J'ai demandé à la commission scientifique sur la parentalité de reprendre ses travaux, sur la base d'une lettre de mission qui a fait l'objet de clarifications. Ses membres ont accepté, je m'en réjouis : nous devons avancer main dans la main avec tous les acteurs, afin de relever le défi consistant à proposer aux parents un parcours d'accompagnement clair et digne de confiance.

Concernant les violences, en particulier la lutte contre la prostitution des mineurs, vous m'avez sans doute entendue rappeler les contours de notre stratégie. Un enfant qui se prostitue est d'abord un enfant en danger. Avec la secrétaire d'État chargée du numérique, Marina Ferrari, je me montrerai intraitable contre les réseaux sociaux et les plateformes numériques qui ne s'engagent pas avec détermination à contrôler l'accès des mineurs. Je n'oublie pas non plus les travaux de la commission sur l'usage des écrans.

La lutte contre les violences faites aux enfants fait l'objet d'un nouveau plan pluriannuel. Je mettrai en place un comité de suivi avec l'ensemble des parties prenantes. Nous avons, collectivement, la responsabilité de ne rien laisser passer. Plus tôt nous repérons les violences, plus tôt nous protégeons les enfants en créant un cadre sécurisant.

Prévenir les placements d'enfants passe par le renforcement des interventions au domicile des parents. Les mesures en milieu ouvert, lorsqu'elles sont intensives et adaptées aux besoins des uns et des autres, sont une réponse, laquelle n'est ni unique ni exclusive. Nous devons réunir les conditions de la réussite en la matière et résoudre la question de l'attractivité. Nous engagerons un travail avec le Conseil national de la protection de l'enfance (CNPE) afin de proposer des mesures et un cadre solide.

Pour mener ces chantiers à bien, j'ai une méthode, qui se définit par deux mots-clés, communiqués à mes différents interlocuteurs dès mon entrée en fonction : dialogue et coconstruction.
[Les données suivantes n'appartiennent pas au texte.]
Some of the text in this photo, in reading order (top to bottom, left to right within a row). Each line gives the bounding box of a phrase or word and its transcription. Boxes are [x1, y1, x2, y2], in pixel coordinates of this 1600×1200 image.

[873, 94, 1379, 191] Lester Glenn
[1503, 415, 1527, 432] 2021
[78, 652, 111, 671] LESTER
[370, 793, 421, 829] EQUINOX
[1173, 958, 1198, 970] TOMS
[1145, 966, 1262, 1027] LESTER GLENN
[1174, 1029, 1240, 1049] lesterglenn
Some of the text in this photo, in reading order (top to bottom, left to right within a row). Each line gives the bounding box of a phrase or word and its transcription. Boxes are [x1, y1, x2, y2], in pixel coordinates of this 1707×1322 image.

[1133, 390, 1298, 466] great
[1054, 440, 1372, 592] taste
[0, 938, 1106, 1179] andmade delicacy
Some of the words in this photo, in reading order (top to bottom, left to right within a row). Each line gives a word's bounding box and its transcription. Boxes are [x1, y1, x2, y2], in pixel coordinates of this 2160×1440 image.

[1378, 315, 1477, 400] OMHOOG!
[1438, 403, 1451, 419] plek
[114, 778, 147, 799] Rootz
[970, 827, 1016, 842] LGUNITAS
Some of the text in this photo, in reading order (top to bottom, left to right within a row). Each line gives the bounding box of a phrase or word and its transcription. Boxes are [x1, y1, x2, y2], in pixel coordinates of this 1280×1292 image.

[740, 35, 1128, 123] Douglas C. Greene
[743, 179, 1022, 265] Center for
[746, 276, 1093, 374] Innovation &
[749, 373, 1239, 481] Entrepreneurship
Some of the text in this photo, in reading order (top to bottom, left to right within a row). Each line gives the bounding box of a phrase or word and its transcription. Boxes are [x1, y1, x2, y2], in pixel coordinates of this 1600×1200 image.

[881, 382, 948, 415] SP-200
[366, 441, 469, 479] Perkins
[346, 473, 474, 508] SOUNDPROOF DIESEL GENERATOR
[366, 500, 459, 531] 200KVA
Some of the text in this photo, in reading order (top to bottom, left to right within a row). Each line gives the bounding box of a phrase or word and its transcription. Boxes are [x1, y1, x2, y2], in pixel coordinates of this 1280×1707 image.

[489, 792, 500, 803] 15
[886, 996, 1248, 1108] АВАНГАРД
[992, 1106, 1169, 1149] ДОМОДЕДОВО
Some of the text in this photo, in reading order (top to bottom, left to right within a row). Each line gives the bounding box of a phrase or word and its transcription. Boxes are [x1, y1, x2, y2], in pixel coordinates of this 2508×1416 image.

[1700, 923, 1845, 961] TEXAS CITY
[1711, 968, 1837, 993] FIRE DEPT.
Le dialogue, je souhaite le mener avec l'ensemble des parties prenantes, en accordant une place centrale aux enfants. Je l'ai relancé avec les départements, mettant en place sans délai sept groupes de travail avec le président du conseil départemental de la Côte-d'Or, François Sauvadet, et la présidente du conseil départemental de Maine-et-Loire, Florence Dabin.

La coconstruction que j'envisage ne sera pas réservée à l'État et aux départements. Des pistes peuvent émerger par exemple des travaux de votre délégation aux droits des enfants.

Cette vision constitue un cadre, destiné à ce que l'ensemble des acteurs en contact avec les enfants placés puissent œuvrer avec davantage de confiance. La parole se libère. C'est une très bonne chose. Saisissons-la ! Regardons en face les difficultés, les violences, et apportons des solutions.

Je répondrai sans naïveté à vos questions. Ces enfants, ce sont les nôtres. Nous avons la responsabilité de les accompagner vers l'autonomie et de les protéger. J'espère que nous aurons un débat serein, car nous sommes réunis pour trouver des solutions, au profit des enfants comme de l'ensemble des acteurs. La confiance permettra de mobiliser l'ensemble des ressources de notre pays.